I want to implement something like a task runner which will be pushed new tasks. Each of those tasks could be some async operation like waiting on user or making API calls or something else. The task runner makes sure that at a time only allowed number of tasks can execute, while other tasks will keep on waiting till their turn comes.

class Runner {
  constructor(concurrent) {
    this.taskQueue = []; //this should have "concurrent" number of tasks running at any given time

  }

  push(task) {
    /* pushes to the queue and then runs the whole queue */
  }
}

The calling pattern would be

let runner = new Runner(3);
runner.push(task1);
runner.push(task2);
runner.push(task3);
runner.push(task4);

where task is a function reference which will run a callback at the end by which we may know that it is finished. So it should be like

let task = function(callback) {
  /* does something which is waiting on IO or network or something else*/
  callback(); 
}

So I am pushing a closure to runner like

runner.push(function(){return task(callback);});

I think I might need to add a waitList queue as well. But the tasks are not promise itself, so I don't know how to check if those are finished.

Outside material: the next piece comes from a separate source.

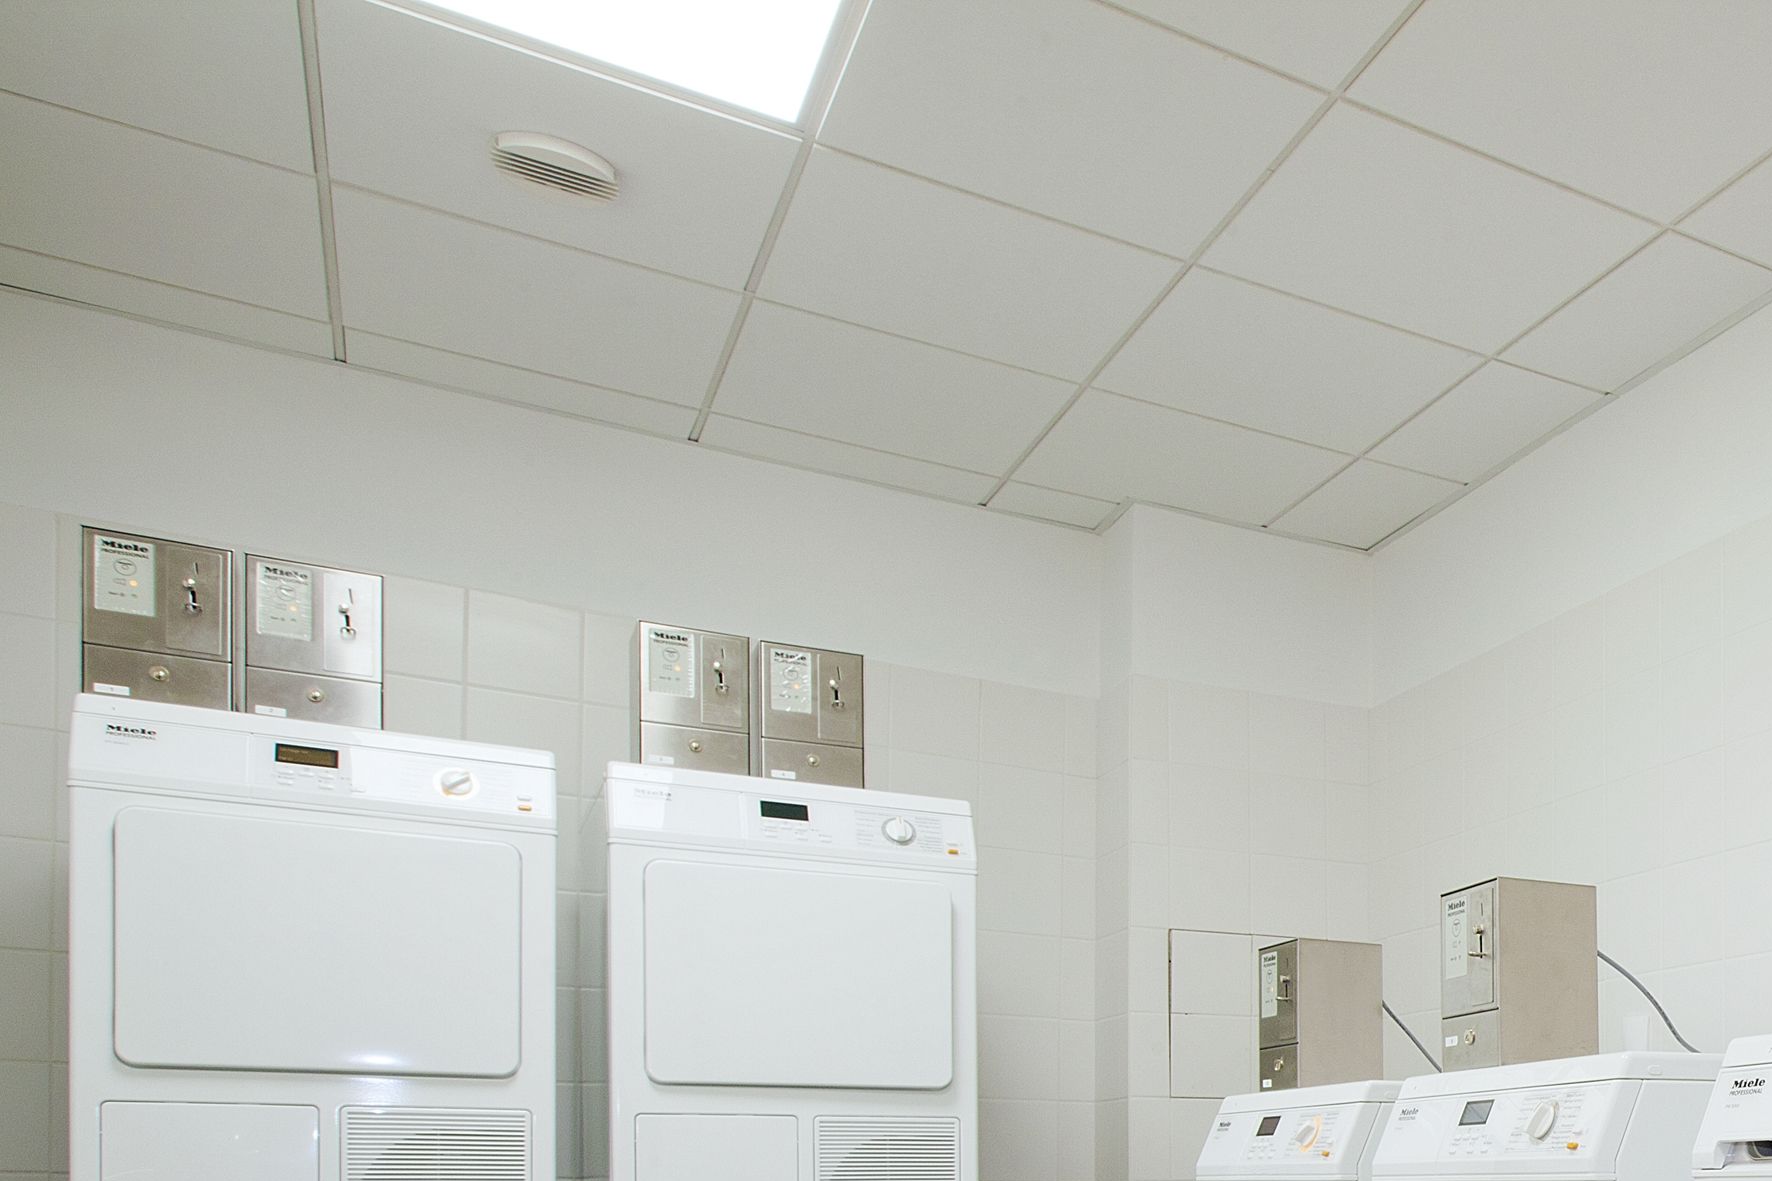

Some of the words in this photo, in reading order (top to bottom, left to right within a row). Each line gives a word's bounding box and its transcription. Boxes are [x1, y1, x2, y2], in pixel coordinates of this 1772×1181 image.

Anyways, I need the right approach.

So I am pushing a closure to runner like

runner.push(function(){return task(callback);});

looks like missing pieces of the runner are being added to the calling syntax. A more complete runner might look like:

class Runner {
  constructor(concurrent) {
    this.taskQueue = []; // run at most "concurrent" number of tasks at once
    this.runCount = 0;
    this.maxCount = concurrent;
    this.notifyEnd = this.notifyEnd.bind(this);
  }
  
  notifyEnd() {
    --this.runCount;
    this.run();
  }

  run() {
    while( (this.runCount < this.maxCount) && taskQueue.length) {
      ++this.runCount;
      // call task with callback bound to this instance (in the constructor)
      taskQueue.shift()(this.notifyEnd);
    } 
  }

  push(task) {
    this.taskQueue.push(task);
    this.run();
  }
}

Now the runner's push method is called with a function taking a callback parameter. Runner state is contained in the value of runCount, 0 for idle or positive integer for tasks running.

There remain a couple of issues:

1. The task may be called synchronously to code adding it to the runner. It lacks the strict approach of Promises that always call a then callback asynchronously from the event queue.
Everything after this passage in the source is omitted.